Pentium 4: Round 2 - The Ass Kicking Continues
Copyright (C) 2001 by Darek Mihocka
President and Founder, Emulators Inc.
Originally posted March 3 2001
Benchmarks Round 2: March 3 2001
In my initial analysis of the Pentium 4 in December, I looked at the design of the Pentium 4 and how it differed from past Intel processors, I revealed the numerous flaws in its implementation, and I tackled the question of whether you and I, Joe Blow Consumers, should go and buy a Pentium 4 system. The answer, if you've read the preceding 30 or so pages, was a resounding NO! But for my comparison against the Pentium 4 I used slightly out-of-date systems based on older Pentium III and Athlon chips which were purchased earlier last year or even the previous year. As unfair an advantage that gave the Pentium 4, it still did poorly.
Pentium 4 vs. its high-end peers
For this round of benchmarks, I looked at higher end systems and current chips which are comparable to the Pentium 4. Forget last summer's hardware. Assuming you have the same $4000 to $4500 budget to spend that a Pentium 4 system costs, can you do better? Can you do better running a top of the line Pentium III chip?
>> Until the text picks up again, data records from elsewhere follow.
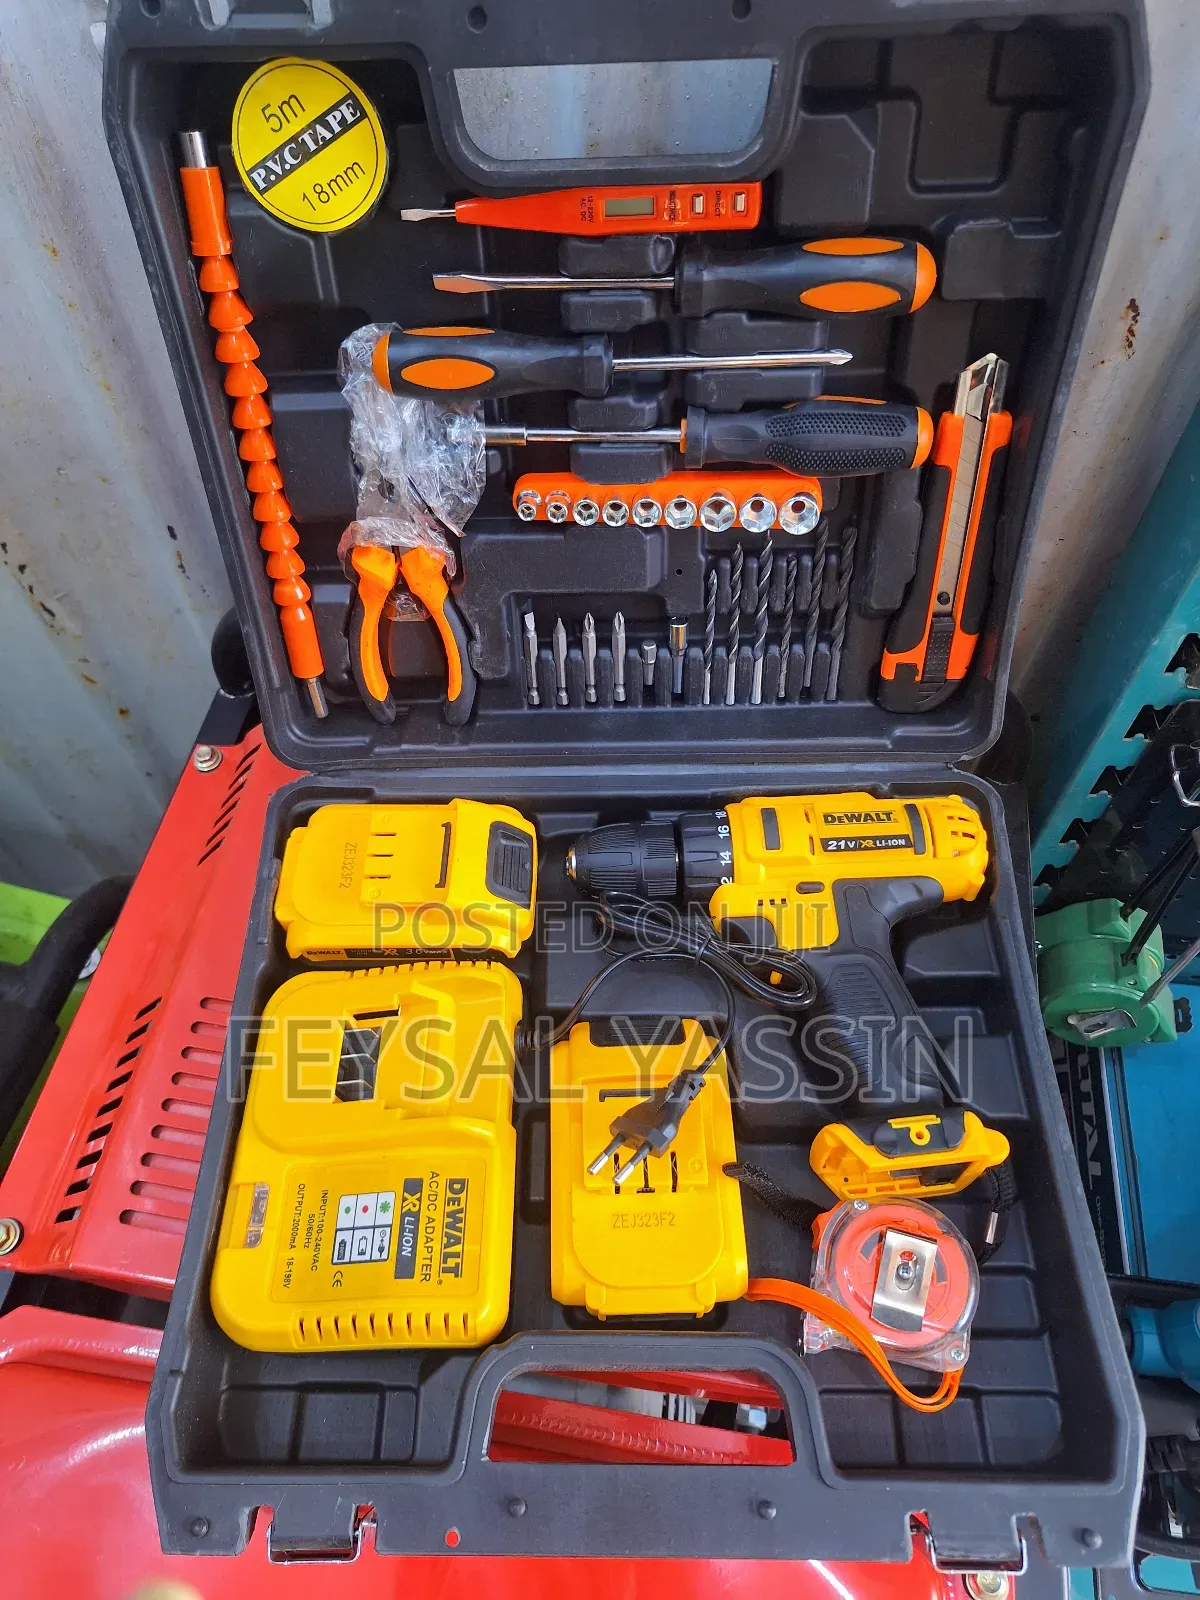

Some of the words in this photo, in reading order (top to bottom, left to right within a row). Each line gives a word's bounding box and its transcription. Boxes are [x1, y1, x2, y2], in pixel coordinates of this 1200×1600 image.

[261, 94, 306, 133] 5m
[250, 143, 303, 191] P.V.C
[298, 99, 361, 152] TAPE
[301, 161, 366, 212] 18mm
[714, 810, 727, 820] 18
[717, 824, 730, 840] 16
[719, 850, 732, 867] 14
[876, 838, 906, 847] LI-ION
[1077, 1046, 1102, 1190] OTAL
[427, 1170, 440, 1212] AC/DC
[288, 1183, 306, 1250] OUTPUT:2000mA
[303, 1213, 315, 1250] 50/60Hz
[401, 1216, 415, 1257] LI-ION
[612, 1212, 676, 1229] ZEJ323F2
[420, 1216, 436, 1283] ADAPTER
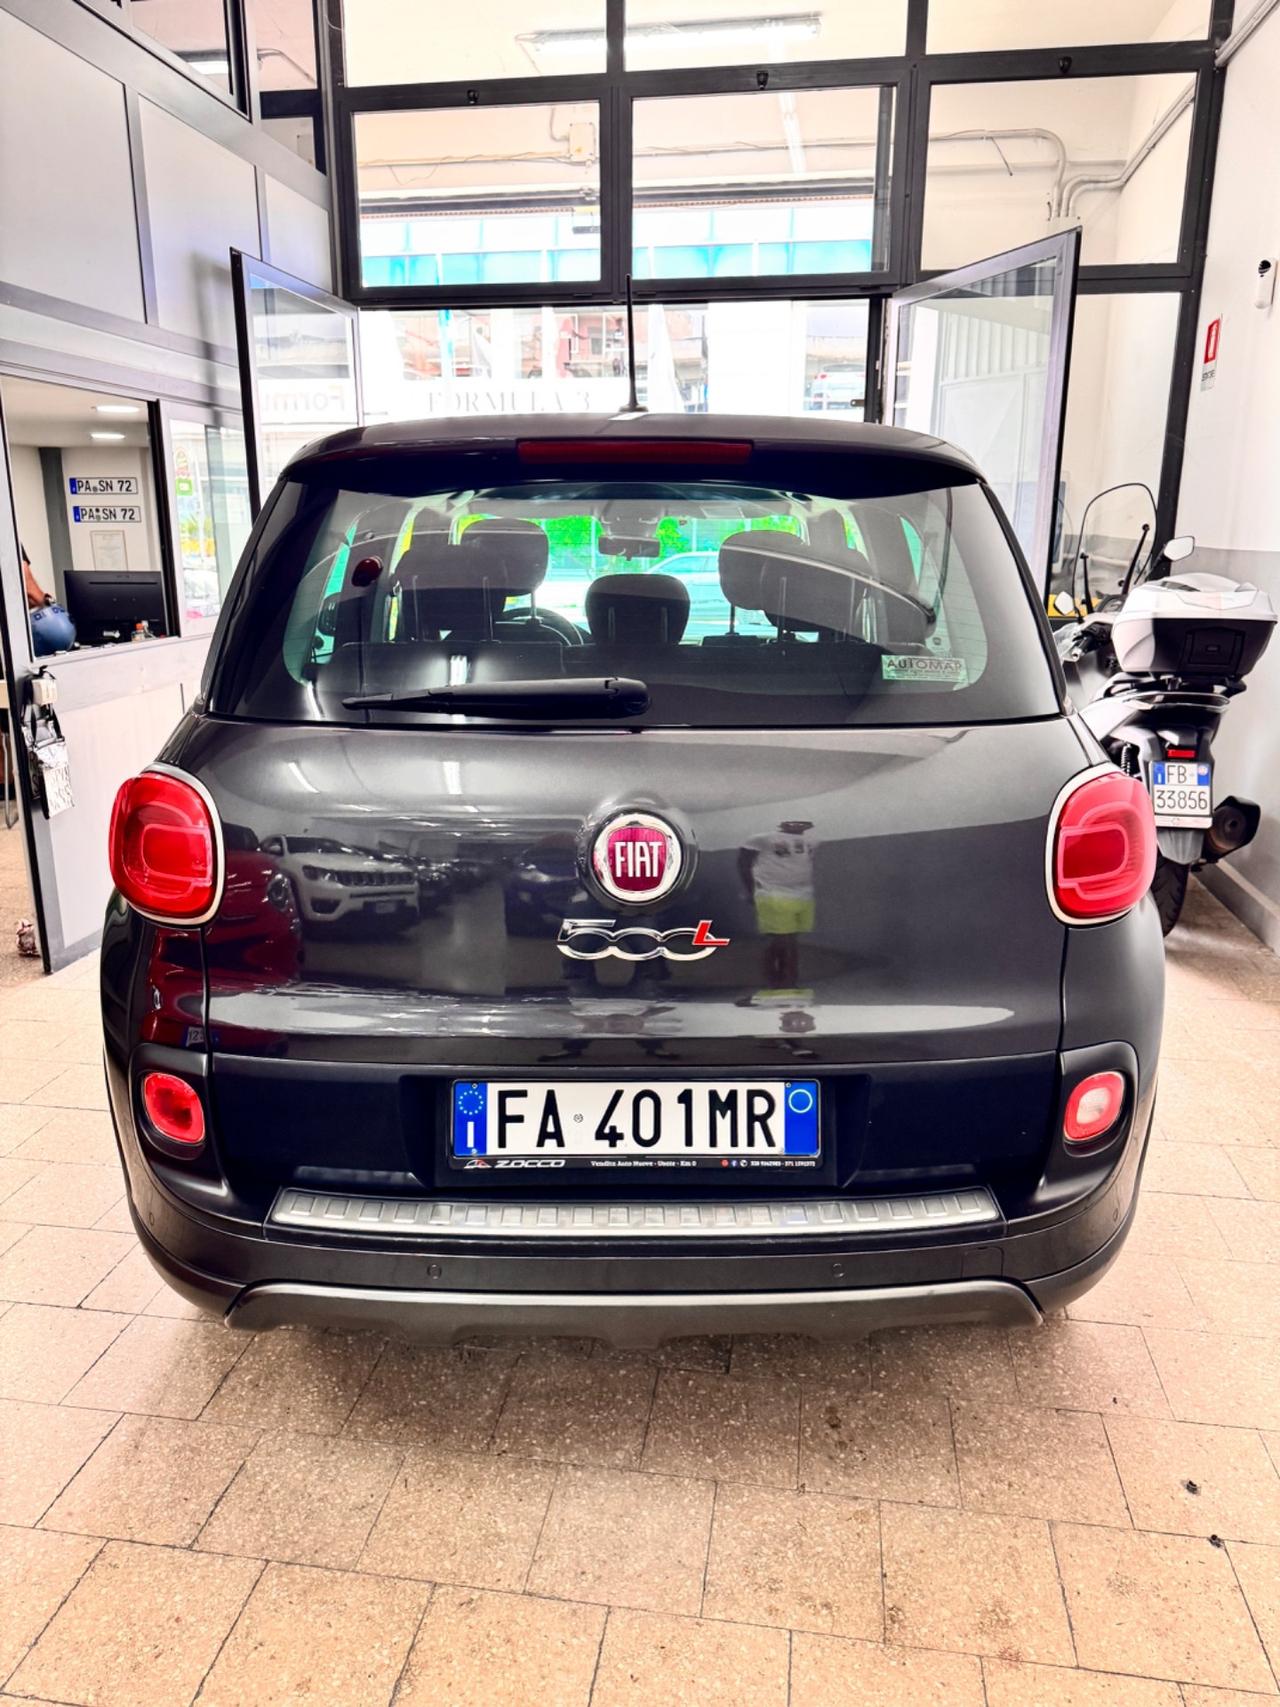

Can you do better running a top of the line Athlon? That's what I set out to find out in January.
Since the launch of the Pentium 4 in November, two other powerful chips have come out. Intel's own Pentium III line has been updated with the 1 GHz Pentium III Xeon chip. The Xeon, which very few other reviews even bother to mention, is a slightly faster version of the stock Pentium III chip that features a full clock speed on-chip L2 cache. At $999 a pop, it's almost double the price of a stock 1 GHz Pentium III chip.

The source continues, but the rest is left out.